Assignment. Would you retype each of the records exactly as shown?
↓
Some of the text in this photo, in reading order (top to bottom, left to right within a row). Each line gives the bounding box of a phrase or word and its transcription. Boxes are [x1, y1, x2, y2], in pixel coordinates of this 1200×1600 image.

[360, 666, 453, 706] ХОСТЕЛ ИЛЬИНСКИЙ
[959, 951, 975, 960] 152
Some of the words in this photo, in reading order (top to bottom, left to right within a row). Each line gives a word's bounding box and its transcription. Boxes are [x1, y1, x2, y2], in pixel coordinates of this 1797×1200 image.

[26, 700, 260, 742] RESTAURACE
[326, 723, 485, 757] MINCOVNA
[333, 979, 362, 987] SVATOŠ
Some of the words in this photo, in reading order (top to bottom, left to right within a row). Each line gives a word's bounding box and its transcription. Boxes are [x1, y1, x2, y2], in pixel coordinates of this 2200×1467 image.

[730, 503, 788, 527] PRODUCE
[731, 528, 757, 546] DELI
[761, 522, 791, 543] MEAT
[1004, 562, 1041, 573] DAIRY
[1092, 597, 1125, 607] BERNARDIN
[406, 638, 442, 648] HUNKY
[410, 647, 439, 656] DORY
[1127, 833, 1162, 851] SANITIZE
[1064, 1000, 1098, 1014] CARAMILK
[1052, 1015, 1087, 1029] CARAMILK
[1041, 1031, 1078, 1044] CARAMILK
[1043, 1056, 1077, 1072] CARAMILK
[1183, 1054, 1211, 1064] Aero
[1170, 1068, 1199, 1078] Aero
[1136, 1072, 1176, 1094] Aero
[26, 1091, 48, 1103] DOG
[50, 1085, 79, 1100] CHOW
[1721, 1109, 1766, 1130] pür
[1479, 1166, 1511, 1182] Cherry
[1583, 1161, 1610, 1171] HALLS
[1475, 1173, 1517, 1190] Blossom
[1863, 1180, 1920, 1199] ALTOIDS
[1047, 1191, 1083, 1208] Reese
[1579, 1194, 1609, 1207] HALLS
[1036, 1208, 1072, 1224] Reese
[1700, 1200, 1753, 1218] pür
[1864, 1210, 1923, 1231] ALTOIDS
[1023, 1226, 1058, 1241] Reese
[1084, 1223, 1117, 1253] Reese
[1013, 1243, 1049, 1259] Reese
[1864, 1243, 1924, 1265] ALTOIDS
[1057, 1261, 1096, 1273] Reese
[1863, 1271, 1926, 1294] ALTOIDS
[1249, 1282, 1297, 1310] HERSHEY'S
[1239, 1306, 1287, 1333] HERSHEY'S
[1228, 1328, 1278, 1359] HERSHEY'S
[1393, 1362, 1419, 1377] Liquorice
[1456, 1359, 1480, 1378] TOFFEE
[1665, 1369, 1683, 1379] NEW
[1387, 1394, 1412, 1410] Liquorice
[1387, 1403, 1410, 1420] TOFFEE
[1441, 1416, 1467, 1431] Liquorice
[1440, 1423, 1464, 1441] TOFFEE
↑
Solution.
Some of the text in this photo, in reading order (top to bottom, left to right within a row). Each line gives the bounding box of a phrase or word and its transcription. Boxes are [x1, y1, x2, y2], in pixel coordinates of this 1200×1600 image.

[360, 666, 453, 706] ХОСТЕЛ ИЛЬИНСКИЙ
[959, 951, 975, 960] 152
Some of the words in this photo, in reading order (top to bottom, left to right within a row). Each line gives a word's bounding box and its transcription. Boxes are [x1, y1, x2, y2], in pixel coordinates of this 1797×1200 image.

[26, 700, 260, 742] RESTAURACE
[326, 723, 485, 757] MINCOVNA
[333, 979, 362, 987] SVATOŠ
Some of the words in this photo, in reading order (top to bottom, left to right within a row). Each line gives a word's bounding box and its transcription. Boxes are [x1, y1, x2, y2], in pixel coordinates of this 2200×1467 image.

[730, 503, 788, 527] PRODUCE
[731, 528, 757, 546] DELI
[761, 522, 791, 543] MEAT
[1004, 562, 1041, 573] DAIRY
[1092, 597, 1125, 607] BERNARDIN
[406, 638, 442, 648] HUNKY
[410, 647, 439, 656] DORY
[1127, 833, 1162, 851] SANITIZE
[1064, 1000, 1098, 1014] CARAMILK
[1052, 1015, 1087, 1029] CARAMILK
[1041, 1031, 1078, 1044] CARAMILK
[1043, 1056, 1077, 1072] CARAMILK
[1183, 1054, 1211, 1064] Aero
[1170, 1068, 1199, 1078] Aero
[1136, 1072, 1176, 1094] Aero
[26, 1091, 48, 1103] DOG
[50, 1085, 79, 1100] CHOW
[1721, 1109, 1766, 1130] pür
[1479, 1166, 1511, 1182] Cherry
[1583, 1161, 1610, 1171] HALLS
[1475, 1173, 1517, 1190] Blossom
[1863, 1180, 1920, 1199] ALTOIDS
[1047, 1191, 1083, 1208] Reese
[1579, 1194, 1609, 1207] HALLS
[1036, 1208, 1072, 1224] Reese
[1700, 1200, 1753, 1218] pür
[1864, 1210, 1923, 1231] ALTOIDS
[1023, 1226, 1058, 1241] Reese
[1084, 1223, 1117, 1253] Reese
[1013, 1243, 1049, 1259] Reese
[1864, 1243, 1924, 1265] ALTOIDS
[1057, 1261, 1096, 1273] Reese
[1863, 1271, 1926, 1294] ALTOIDS
[1249, 1282, 1297, 1310] HERSHEY'S
[1239, 1306, 1287, 1333] HERSHEY'S
[1228, 1328, 1278, 1359] HERSHEY'S
[1393, 1362, 1419, 1377] Liquorice
[1456, 1359, 1480, 1378] TOFFEE
[1665, 1369, 1683, 1379] NEW
[1387, 1394, 1412, 1410] Liquorice
[1387, 1403, 1410, 1420] TOFFEE
[1441, 1416, 1467, 1431] Liquorice
[1440, 1423, 1464, 1441] TOFFEE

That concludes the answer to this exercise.